The paper presents a novel deterministic algorithm that computes bootstrap distributions without repeated resampling, applicable to multiple bootstrap scenarios and hypothesis testing.

Findings

Reduces computational complexity of bootstrap distribution estimation

Applicable to mean, block, and residual bootstrap methods

Potentially broadens bootstrap applications in hypothesis testing

Abstract

An algorithm is described that enables efficient deterministic approximate computation of the bootstrap distribution for any linear bootstrap method $T_n^*$, alleviating the need for repeated resampling from observations (resp. input-derived data).
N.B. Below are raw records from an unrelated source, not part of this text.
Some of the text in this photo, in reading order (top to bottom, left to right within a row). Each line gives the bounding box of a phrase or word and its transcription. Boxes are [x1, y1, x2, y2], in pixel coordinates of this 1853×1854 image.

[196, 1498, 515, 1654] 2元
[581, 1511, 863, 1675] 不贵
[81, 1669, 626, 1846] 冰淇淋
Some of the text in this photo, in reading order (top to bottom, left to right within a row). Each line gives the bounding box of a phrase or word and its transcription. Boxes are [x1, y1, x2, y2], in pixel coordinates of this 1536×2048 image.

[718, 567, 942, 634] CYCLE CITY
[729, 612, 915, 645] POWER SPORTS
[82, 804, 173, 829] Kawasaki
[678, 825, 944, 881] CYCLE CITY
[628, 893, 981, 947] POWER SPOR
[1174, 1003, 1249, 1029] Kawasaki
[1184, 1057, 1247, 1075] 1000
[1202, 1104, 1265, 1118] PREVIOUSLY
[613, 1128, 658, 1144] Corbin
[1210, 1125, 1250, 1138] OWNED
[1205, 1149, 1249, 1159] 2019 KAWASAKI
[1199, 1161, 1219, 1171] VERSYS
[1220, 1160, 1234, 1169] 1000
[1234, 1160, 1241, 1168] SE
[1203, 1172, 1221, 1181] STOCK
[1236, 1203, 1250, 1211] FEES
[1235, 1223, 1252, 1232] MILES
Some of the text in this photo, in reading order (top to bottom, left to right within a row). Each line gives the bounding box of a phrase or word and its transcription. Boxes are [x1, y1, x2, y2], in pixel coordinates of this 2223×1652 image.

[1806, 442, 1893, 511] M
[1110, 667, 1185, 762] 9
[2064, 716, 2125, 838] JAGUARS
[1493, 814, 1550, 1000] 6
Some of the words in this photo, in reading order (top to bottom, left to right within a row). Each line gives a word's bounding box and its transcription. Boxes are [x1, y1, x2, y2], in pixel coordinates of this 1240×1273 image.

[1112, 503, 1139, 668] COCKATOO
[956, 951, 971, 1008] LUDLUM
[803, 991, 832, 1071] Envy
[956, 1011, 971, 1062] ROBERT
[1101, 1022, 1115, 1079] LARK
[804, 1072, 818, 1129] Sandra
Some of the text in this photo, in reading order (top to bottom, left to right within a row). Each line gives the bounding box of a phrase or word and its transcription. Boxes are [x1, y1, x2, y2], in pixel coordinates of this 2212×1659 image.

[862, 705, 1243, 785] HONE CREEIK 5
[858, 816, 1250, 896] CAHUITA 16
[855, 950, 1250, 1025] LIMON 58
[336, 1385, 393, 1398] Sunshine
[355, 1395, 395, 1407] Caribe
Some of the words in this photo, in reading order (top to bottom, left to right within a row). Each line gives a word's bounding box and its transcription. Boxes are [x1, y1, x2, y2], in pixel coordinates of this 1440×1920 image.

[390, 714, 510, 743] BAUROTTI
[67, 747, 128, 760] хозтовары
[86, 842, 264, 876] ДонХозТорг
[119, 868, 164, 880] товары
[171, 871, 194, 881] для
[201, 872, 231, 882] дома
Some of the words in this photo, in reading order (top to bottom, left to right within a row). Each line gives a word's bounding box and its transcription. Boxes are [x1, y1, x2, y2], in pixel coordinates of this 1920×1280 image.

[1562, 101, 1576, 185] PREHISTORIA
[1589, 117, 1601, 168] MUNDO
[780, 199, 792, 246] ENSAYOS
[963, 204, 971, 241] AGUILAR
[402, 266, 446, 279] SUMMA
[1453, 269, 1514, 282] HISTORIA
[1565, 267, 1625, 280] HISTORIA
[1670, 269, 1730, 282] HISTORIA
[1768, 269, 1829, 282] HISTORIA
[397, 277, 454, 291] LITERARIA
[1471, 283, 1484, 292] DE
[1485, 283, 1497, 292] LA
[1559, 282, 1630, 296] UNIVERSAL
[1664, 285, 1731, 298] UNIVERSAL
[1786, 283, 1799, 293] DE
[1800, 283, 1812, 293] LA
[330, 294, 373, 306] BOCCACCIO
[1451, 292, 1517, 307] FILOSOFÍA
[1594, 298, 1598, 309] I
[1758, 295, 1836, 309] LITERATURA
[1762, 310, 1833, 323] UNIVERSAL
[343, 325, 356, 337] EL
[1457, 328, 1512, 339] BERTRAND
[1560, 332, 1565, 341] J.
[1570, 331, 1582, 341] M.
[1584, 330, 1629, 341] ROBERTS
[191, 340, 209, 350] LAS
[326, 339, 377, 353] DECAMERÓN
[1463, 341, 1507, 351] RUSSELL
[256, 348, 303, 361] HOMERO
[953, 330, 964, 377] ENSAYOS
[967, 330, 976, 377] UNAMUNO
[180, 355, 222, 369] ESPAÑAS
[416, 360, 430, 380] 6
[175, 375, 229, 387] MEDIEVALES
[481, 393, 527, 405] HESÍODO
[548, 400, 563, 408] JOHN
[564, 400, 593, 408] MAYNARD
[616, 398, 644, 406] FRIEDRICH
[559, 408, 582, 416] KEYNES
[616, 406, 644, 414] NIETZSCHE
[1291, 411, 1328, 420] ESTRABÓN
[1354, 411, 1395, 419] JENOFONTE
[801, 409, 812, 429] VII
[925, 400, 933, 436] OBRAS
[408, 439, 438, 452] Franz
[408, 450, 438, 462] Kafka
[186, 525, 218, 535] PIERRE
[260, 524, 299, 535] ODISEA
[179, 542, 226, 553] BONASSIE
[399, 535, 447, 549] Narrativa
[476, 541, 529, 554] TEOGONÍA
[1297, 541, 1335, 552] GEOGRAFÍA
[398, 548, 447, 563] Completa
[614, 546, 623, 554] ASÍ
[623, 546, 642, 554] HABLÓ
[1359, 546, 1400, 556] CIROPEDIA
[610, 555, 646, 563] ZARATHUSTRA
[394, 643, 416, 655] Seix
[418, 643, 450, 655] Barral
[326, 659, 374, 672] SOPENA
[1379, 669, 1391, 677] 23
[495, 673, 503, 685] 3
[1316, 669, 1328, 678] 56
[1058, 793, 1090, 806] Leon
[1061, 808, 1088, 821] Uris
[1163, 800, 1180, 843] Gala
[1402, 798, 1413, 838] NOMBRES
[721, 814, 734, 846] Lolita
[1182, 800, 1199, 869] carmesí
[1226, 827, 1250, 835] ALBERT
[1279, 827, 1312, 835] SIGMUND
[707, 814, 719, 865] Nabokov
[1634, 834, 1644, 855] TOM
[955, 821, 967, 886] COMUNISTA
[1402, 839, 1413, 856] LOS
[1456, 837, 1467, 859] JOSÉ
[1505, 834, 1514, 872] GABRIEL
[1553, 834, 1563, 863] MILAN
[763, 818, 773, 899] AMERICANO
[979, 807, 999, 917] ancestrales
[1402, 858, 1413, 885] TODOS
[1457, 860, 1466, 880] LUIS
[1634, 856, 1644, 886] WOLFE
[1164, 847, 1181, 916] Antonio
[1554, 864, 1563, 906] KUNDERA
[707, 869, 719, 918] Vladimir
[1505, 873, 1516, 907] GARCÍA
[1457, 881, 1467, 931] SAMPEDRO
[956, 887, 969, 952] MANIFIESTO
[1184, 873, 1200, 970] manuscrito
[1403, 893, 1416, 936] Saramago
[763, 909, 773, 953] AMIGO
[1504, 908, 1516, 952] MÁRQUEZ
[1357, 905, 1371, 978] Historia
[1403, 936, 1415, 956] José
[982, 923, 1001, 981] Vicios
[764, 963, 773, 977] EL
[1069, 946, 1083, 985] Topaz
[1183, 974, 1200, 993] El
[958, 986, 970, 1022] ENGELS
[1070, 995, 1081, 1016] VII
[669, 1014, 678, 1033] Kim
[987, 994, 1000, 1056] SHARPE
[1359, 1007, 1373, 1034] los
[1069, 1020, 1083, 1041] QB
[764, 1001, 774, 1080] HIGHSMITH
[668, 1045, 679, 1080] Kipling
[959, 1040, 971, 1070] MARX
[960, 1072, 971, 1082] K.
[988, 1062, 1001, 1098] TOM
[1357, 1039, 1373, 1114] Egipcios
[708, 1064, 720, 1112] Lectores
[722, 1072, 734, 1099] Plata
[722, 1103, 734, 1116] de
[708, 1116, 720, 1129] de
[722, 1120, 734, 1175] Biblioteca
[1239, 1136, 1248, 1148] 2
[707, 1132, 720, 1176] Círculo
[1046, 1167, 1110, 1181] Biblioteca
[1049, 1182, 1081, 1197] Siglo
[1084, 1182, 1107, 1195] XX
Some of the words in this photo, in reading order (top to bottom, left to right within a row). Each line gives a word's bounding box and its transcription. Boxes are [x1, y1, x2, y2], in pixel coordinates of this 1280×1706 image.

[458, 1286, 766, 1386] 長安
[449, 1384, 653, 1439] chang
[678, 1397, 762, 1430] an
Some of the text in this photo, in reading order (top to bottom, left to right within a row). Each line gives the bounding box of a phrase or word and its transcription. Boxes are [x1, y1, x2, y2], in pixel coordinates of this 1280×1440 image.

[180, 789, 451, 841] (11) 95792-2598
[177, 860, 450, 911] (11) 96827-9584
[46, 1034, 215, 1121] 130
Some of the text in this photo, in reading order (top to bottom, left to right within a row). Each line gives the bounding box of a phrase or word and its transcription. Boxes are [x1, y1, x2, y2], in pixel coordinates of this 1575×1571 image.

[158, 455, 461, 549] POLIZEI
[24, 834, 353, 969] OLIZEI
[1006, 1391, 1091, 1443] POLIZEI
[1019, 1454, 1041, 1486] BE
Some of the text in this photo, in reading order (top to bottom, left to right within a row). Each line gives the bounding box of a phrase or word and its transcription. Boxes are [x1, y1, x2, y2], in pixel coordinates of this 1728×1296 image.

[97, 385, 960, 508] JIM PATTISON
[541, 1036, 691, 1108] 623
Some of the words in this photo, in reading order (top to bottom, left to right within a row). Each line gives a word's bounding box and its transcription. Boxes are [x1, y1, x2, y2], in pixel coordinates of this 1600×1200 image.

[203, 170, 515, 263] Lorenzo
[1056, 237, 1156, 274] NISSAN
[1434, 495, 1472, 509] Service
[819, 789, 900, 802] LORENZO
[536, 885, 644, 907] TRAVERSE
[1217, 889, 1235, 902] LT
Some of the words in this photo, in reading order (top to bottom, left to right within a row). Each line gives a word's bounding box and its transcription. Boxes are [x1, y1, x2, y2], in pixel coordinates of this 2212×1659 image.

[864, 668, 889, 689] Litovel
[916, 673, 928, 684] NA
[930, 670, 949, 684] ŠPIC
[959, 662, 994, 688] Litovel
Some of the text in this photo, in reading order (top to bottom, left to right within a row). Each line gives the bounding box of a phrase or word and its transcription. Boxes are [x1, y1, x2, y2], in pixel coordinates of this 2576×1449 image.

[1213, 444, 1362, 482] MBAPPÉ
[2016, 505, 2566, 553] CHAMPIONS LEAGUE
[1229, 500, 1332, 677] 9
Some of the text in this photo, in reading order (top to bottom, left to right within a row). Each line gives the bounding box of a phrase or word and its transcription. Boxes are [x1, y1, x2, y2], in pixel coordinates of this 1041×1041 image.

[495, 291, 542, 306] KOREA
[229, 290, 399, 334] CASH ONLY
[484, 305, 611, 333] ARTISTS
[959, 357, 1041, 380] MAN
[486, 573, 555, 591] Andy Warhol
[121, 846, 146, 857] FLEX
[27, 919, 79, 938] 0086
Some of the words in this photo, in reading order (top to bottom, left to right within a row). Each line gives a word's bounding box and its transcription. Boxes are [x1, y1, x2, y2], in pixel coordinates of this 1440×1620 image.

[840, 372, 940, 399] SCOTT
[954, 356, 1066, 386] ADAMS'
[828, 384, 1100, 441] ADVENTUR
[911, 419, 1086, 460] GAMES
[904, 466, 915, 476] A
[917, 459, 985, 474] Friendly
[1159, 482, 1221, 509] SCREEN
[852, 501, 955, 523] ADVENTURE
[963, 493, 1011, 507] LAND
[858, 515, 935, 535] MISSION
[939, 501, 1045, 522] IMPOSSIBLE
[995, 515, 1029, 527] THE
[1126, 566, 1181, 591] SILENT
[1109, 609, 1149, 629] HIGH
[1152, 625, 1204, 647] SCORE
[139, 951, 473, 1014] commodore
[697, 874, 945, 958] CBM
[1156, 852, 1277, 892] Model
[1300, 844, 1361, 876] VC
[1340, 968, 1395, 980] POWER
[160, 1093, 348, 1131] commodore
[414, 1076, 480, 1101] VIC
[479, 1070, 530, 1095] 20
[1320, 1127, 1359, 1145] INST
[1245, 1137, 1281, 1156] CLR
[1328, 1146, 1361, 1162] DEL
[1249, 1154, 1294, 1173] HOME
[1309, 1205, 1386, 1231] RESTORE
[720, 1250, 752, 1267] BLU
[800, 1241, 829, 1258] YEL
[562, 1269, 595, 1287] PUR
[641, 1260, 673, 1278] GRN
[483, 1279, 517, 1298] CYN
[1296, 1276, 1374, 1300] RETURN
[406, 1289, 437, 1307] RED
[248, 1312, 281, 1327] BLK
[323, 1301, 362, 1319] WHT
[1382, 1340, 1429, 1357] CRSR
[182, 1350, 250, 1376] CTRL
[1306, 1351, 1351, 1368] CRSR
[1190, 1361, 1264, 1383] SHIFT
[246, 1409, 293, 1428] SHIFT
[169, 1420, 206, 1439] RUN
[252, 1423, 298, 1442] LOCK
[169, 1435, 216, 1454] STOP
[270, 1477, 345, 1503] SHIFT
In essence, the algorithm computes the distribution function from a linear mixture of independent random variables each having a finite discrete distribution. The algorithm is applicable to elementary bootstrap scenarios (targetting the mean as parameter of interest), for block bootstrap, as well as for certain residual bootstrap scenarios. Moreover, the algorithm promises a much broader applicability, in non-bootstrapped hypothesis testing.